Sunday, March 22, 2009

Visiting Blogger: On British Pop, Daniel Kaufman

I was listening to some Lily Allen and I formulated a question that I sent to my good friend, Dan Kaufman, who used to live in Great Britain.

The question was this:

Why is Great Britain the only country in Europe that really understands pop (I refer mostly to music, but other forms of pop as examples are welcome)?

Discuss in terms of cultural history
Island geography
Imperialism, including its relation to the birth of The United States
Superior aesthetic compared with France, Germany, Italy and Spain
Paganism, local natural forces, resistance to the church
The class system
Etc.

And now, a few words from Daniel Kaufman:

Brit blacks.

The blacks who brought their music to the UK did it by way of Jamaica. Jamaican pop music was their version of what they heard from the American radio they were able to pick up on the island.

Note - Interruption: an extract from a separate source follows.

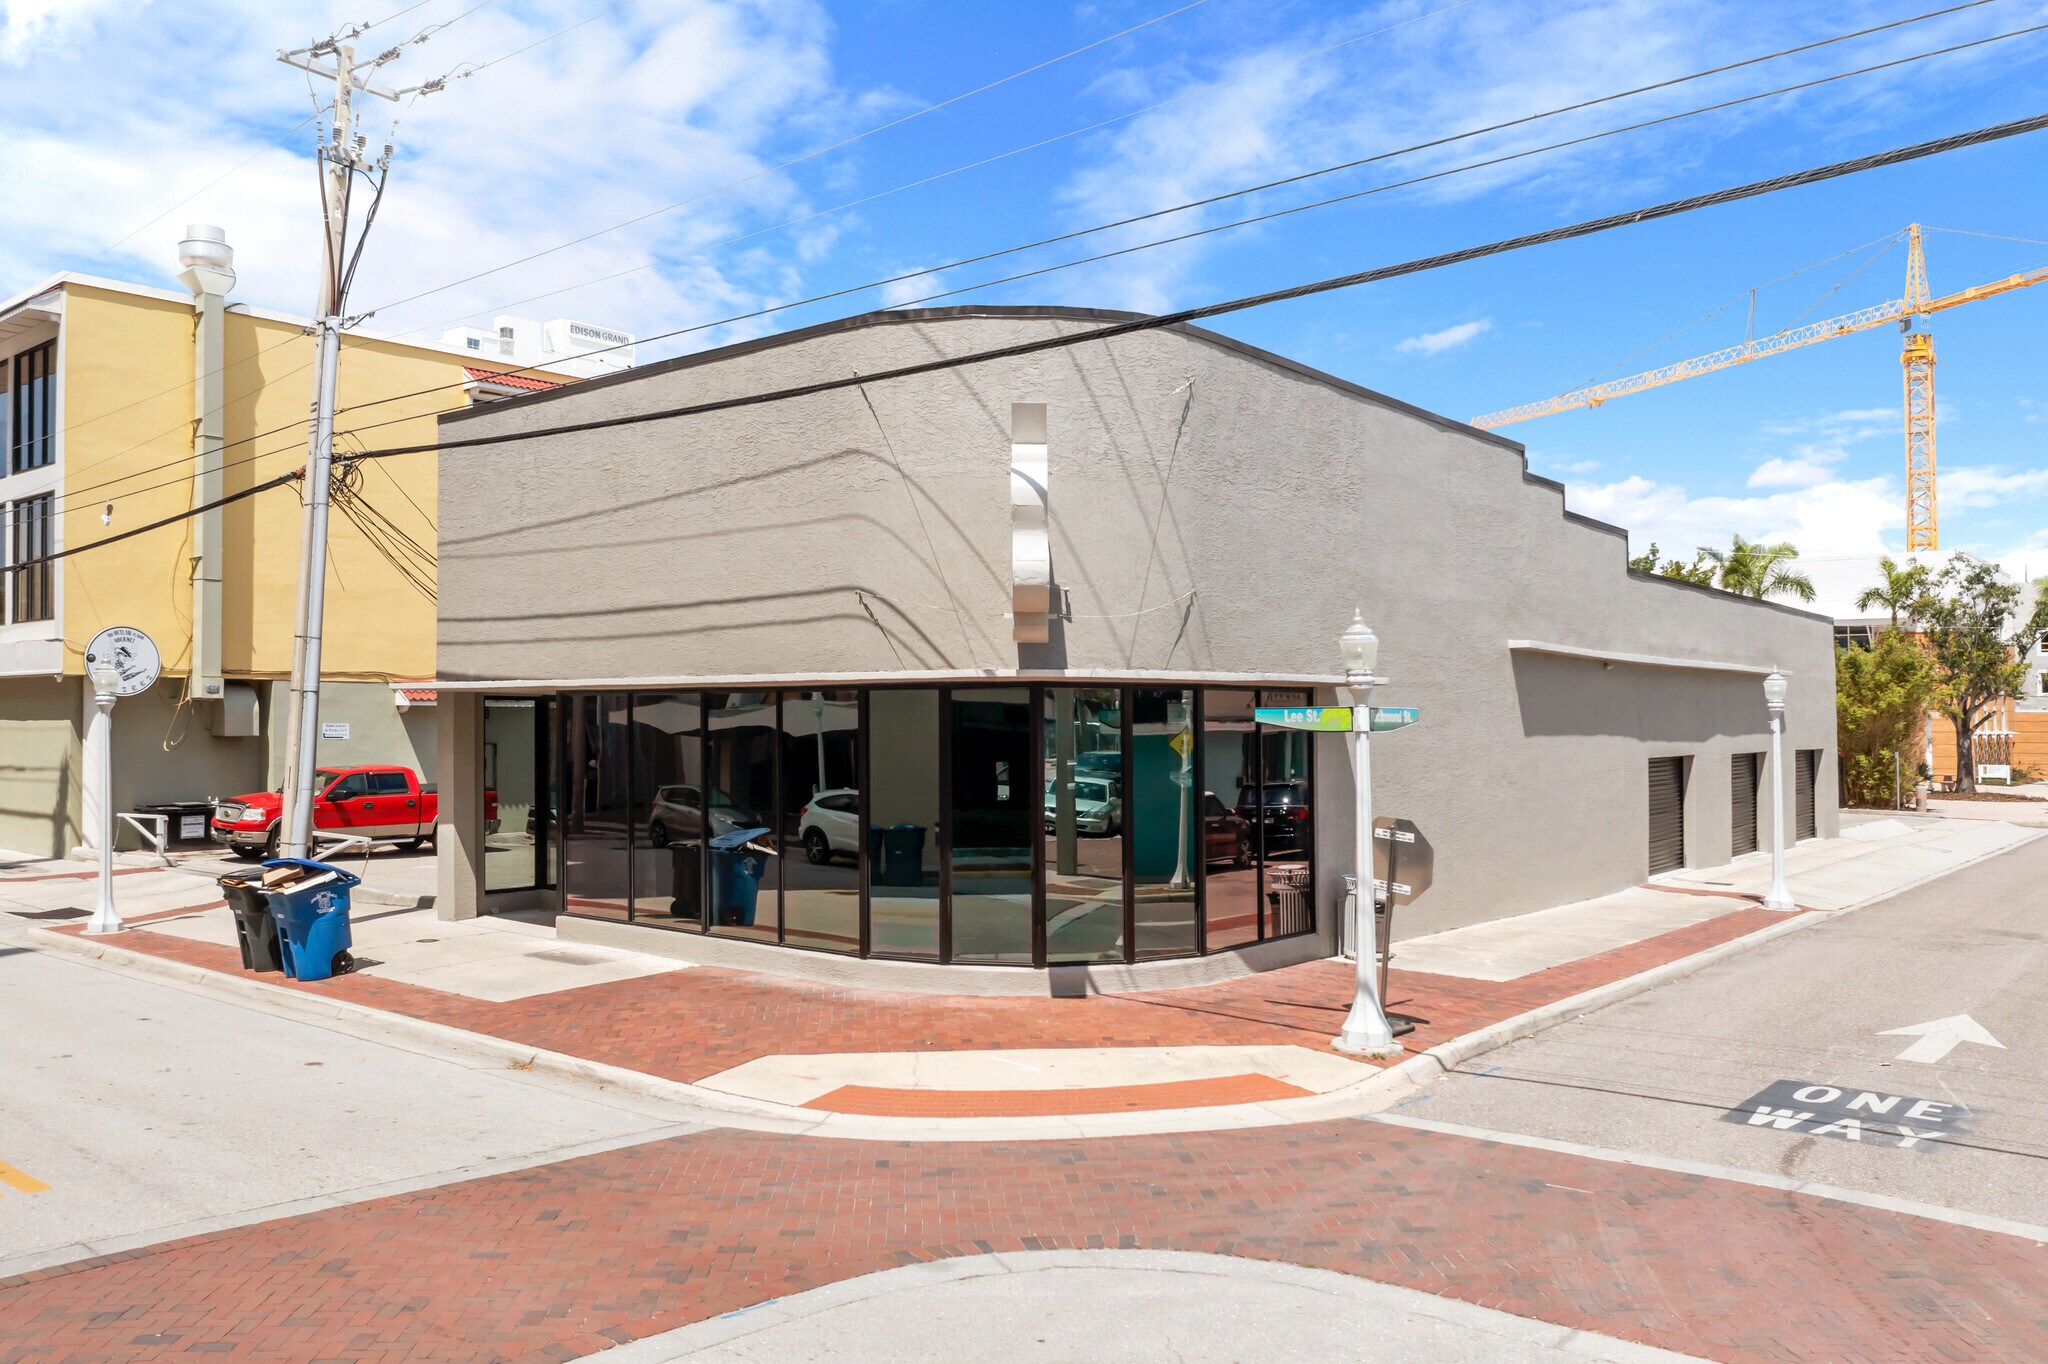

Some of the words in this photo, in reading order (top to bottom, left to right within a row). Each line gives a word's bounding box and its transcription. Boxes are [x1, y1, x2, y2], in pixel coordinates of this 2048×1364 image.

There was no interesting pop music in the UK until Jamaicans got there in the 50s. You need a folk culture that isn't constrained by the need to remain pure and black people to reinterpret it through their African lens.

In fact, American/English folk, like our language and culture, always sought to appropriate what is best about societies we encountered by whatever means.

I remember being at a festival in Strassburg listening to a brass band. They had the same instruments, or similar variations, of the ones played by Duke Ellington's group, but the music that came out was incredibly stale polka. It had no swing, no soul singing rhythm, no crotch grabbing beat. It probably sounded the same for the past 200 years.